**Data for analysis:**

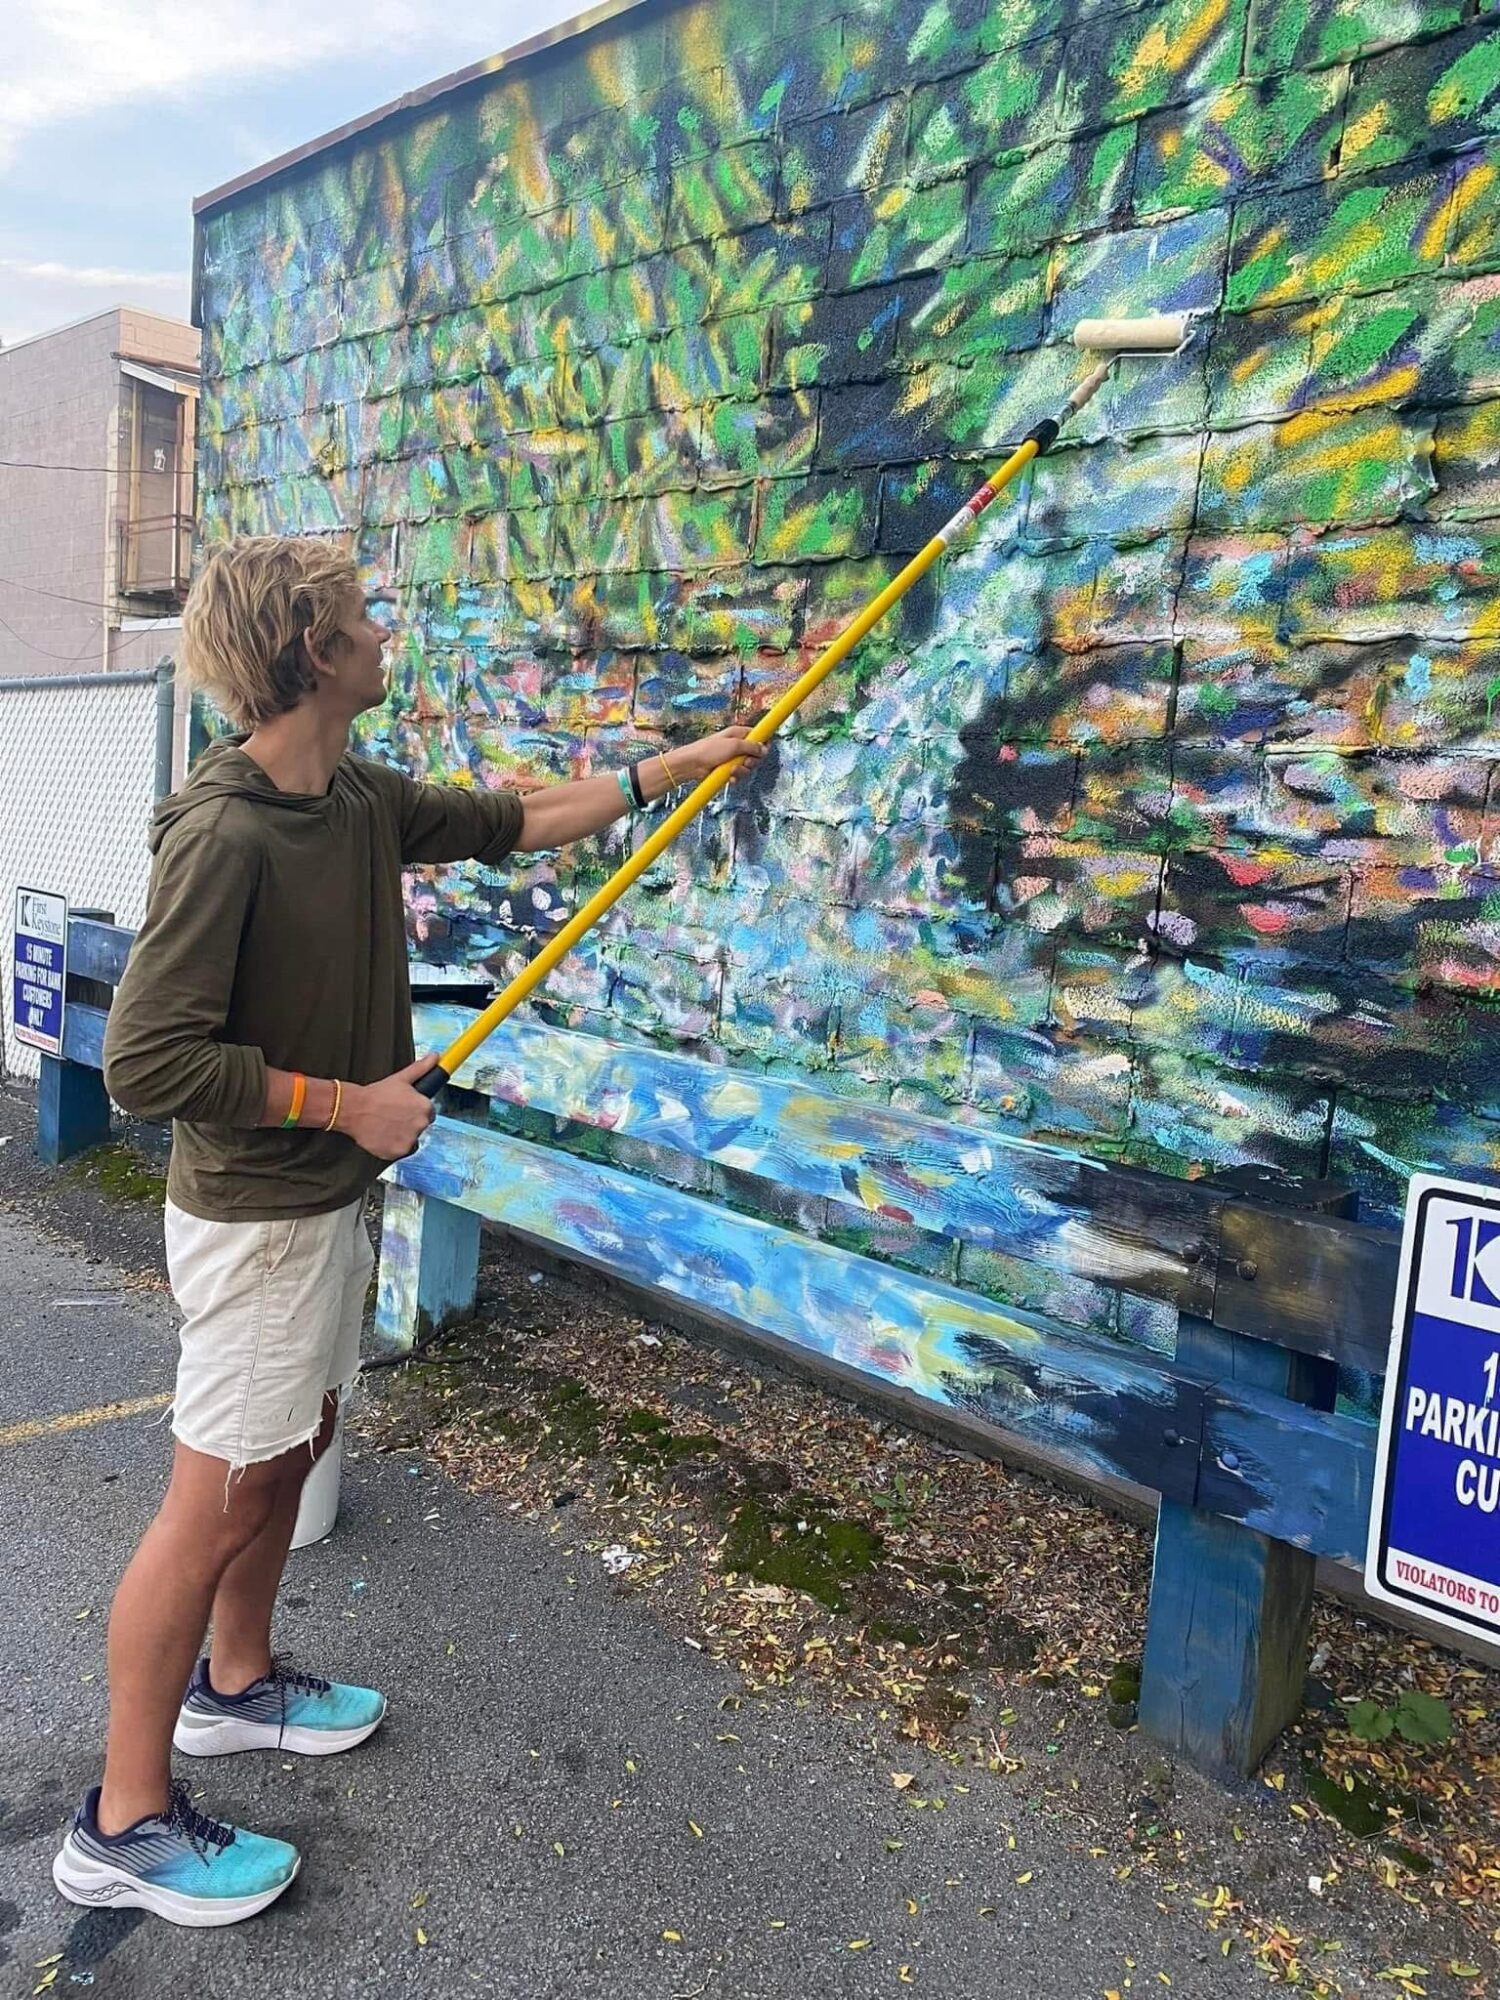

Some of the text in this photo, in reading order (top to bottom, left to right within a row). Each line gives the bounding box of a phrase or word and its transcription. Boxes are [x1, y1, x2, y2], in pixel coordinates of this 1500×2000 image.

[31, 912, 62, 936] Keystone
[1405, 1386, 1500, 1459] PARKI
[1455, 1459, 1500, 1513] CU
[1396, 1560, 1499, 1613] VIOLATORS TO
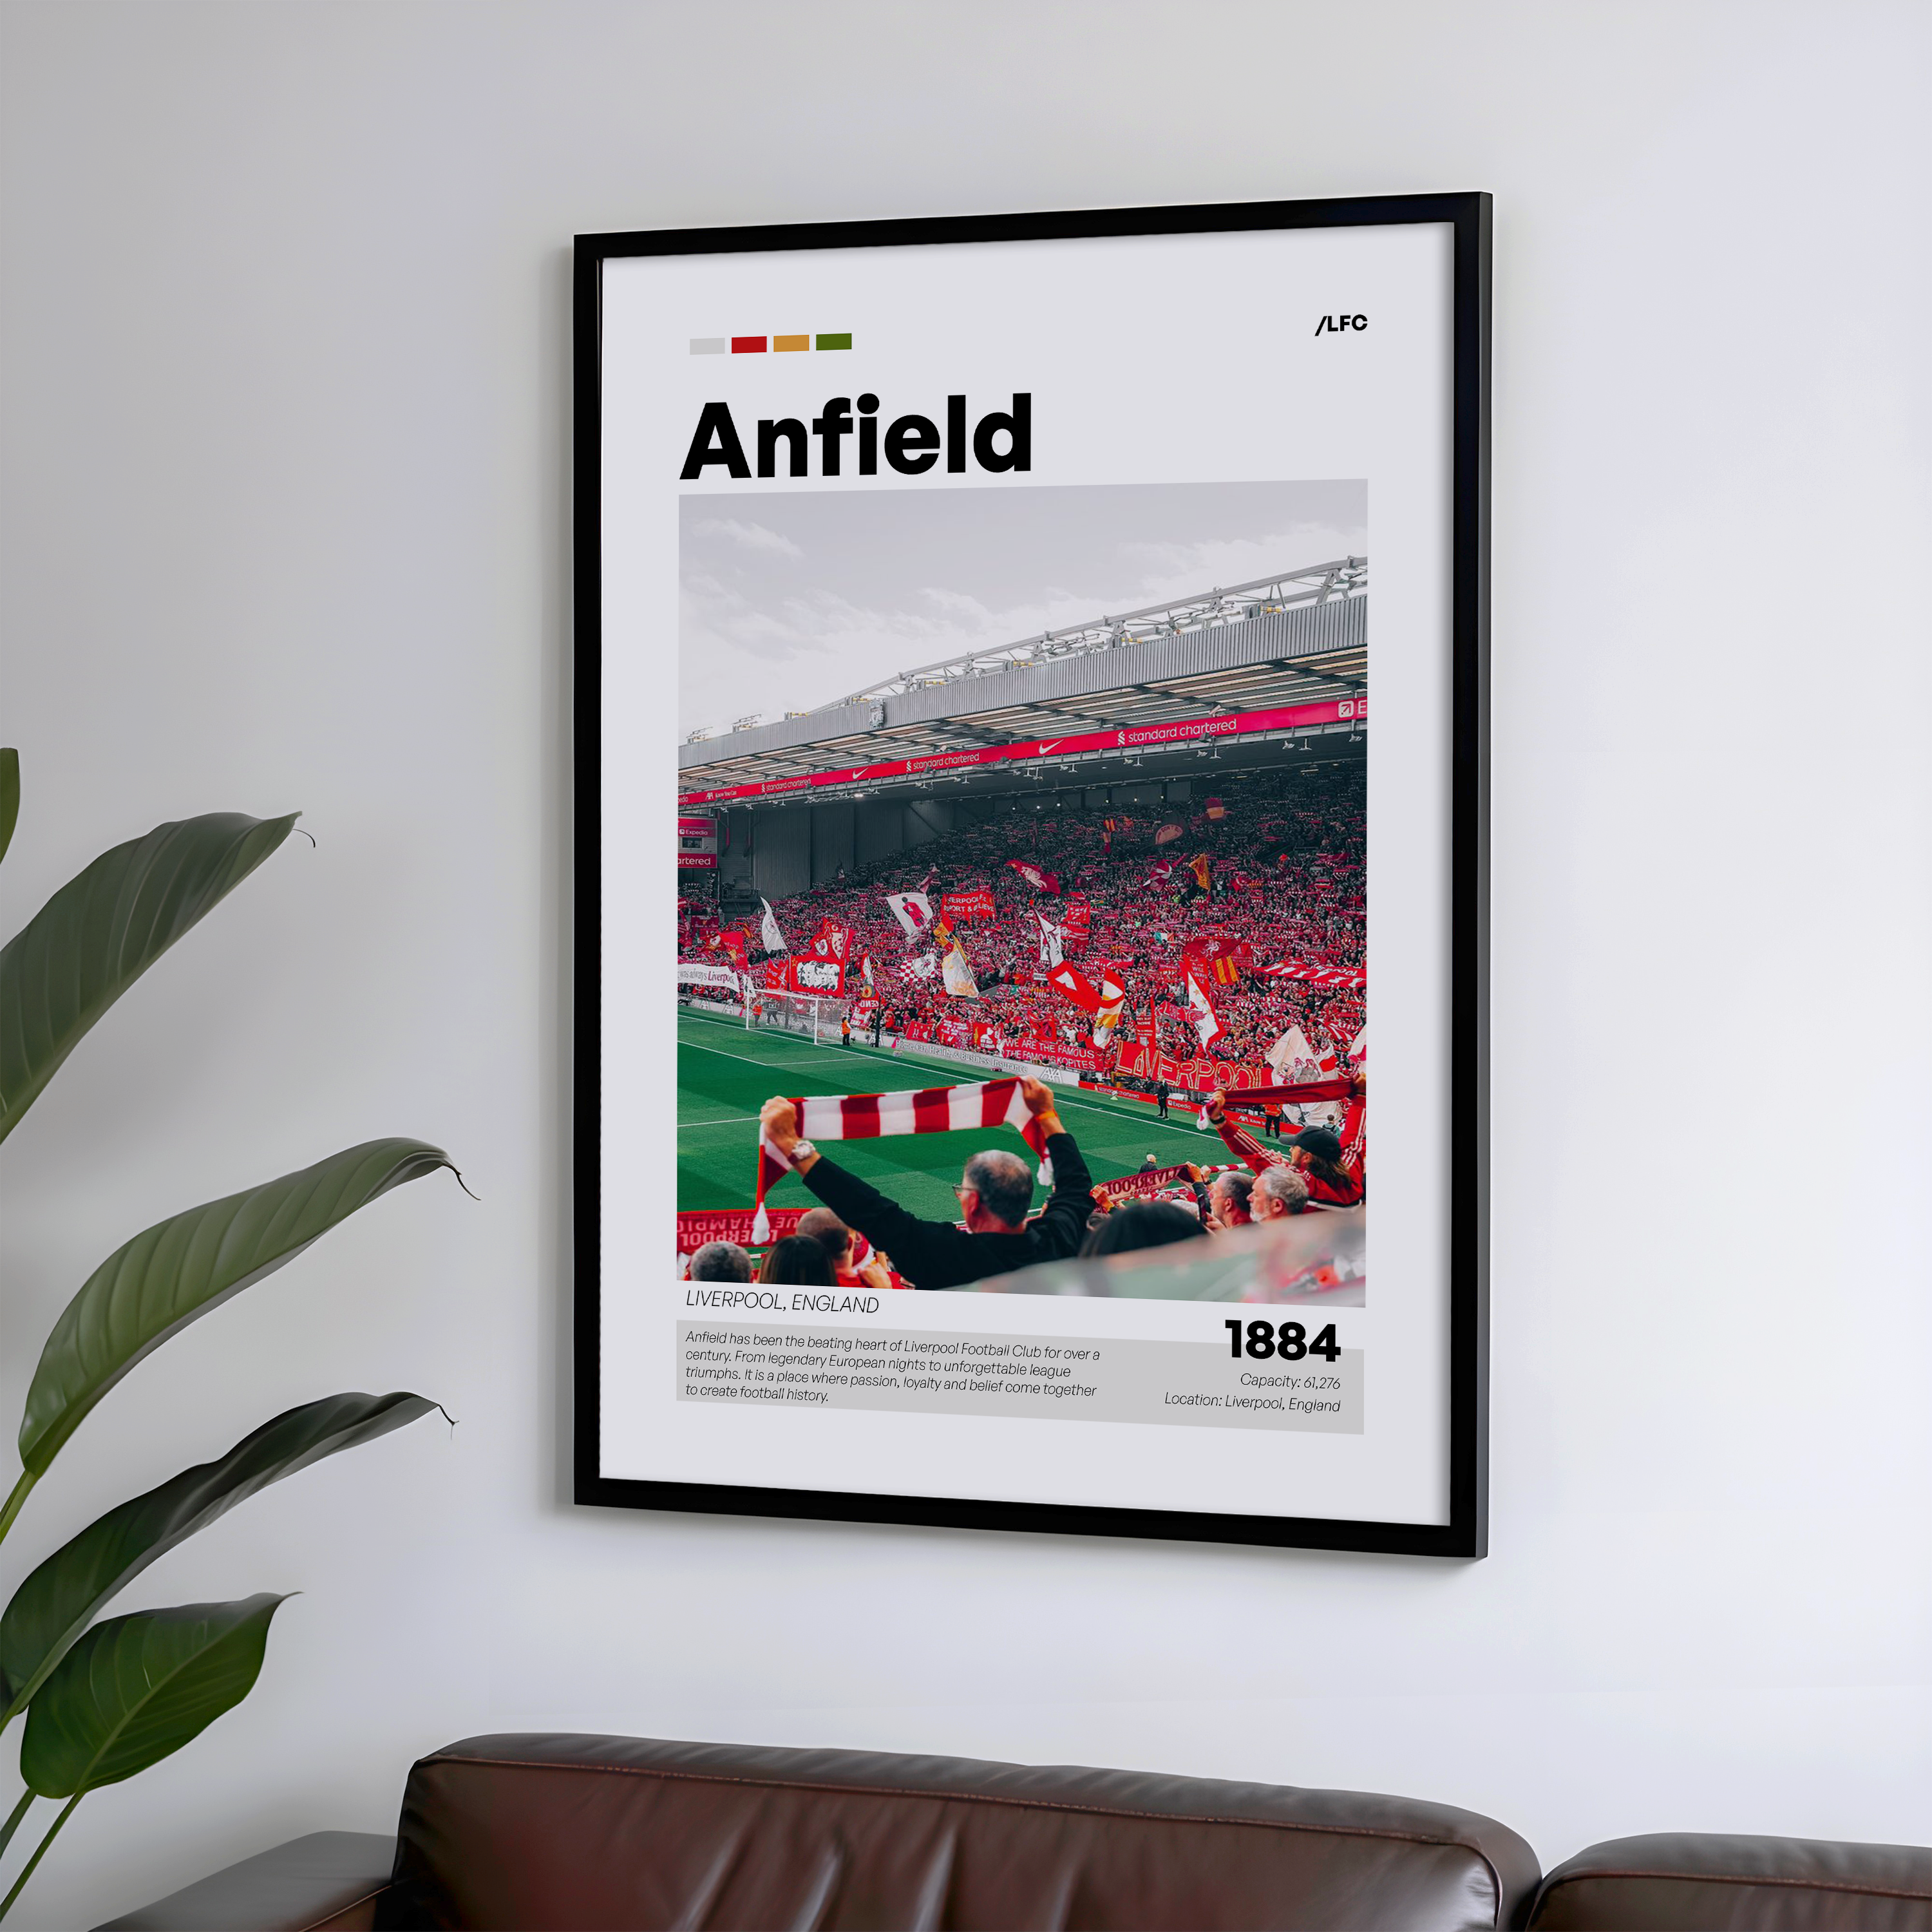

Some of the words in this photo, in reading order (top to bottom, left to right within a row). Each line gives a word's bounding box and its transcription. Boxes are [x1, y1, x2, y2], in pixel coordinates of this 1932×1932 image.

**What to work on:** Repeat the records above exactly, without any pictures.

**Solution to this problem:**
Some of the text in this photo, in reading order (top to bottom, left to right within a row). Each line gives the bounding box of a phrase or word and its transcription. Boxes are [x1, y1, x2, y2], in pixel coordinates of this 1500×2000 image.

[31, 912, 62, 936] Keystone
[1405, 1386, 1500, 1459] PARKI
[1455, 1459, 1500, 1513] CU
[1396, 1560, 1499, 1613] VIOLATORS TO

Some of the words in this photo, in reading order (top to bottom, left to right within a row). Each line gives a word's bounding box and its transcription. Boxes are [x1, y1, x2, y2], in pixel coordinates of this 1932×1932 image.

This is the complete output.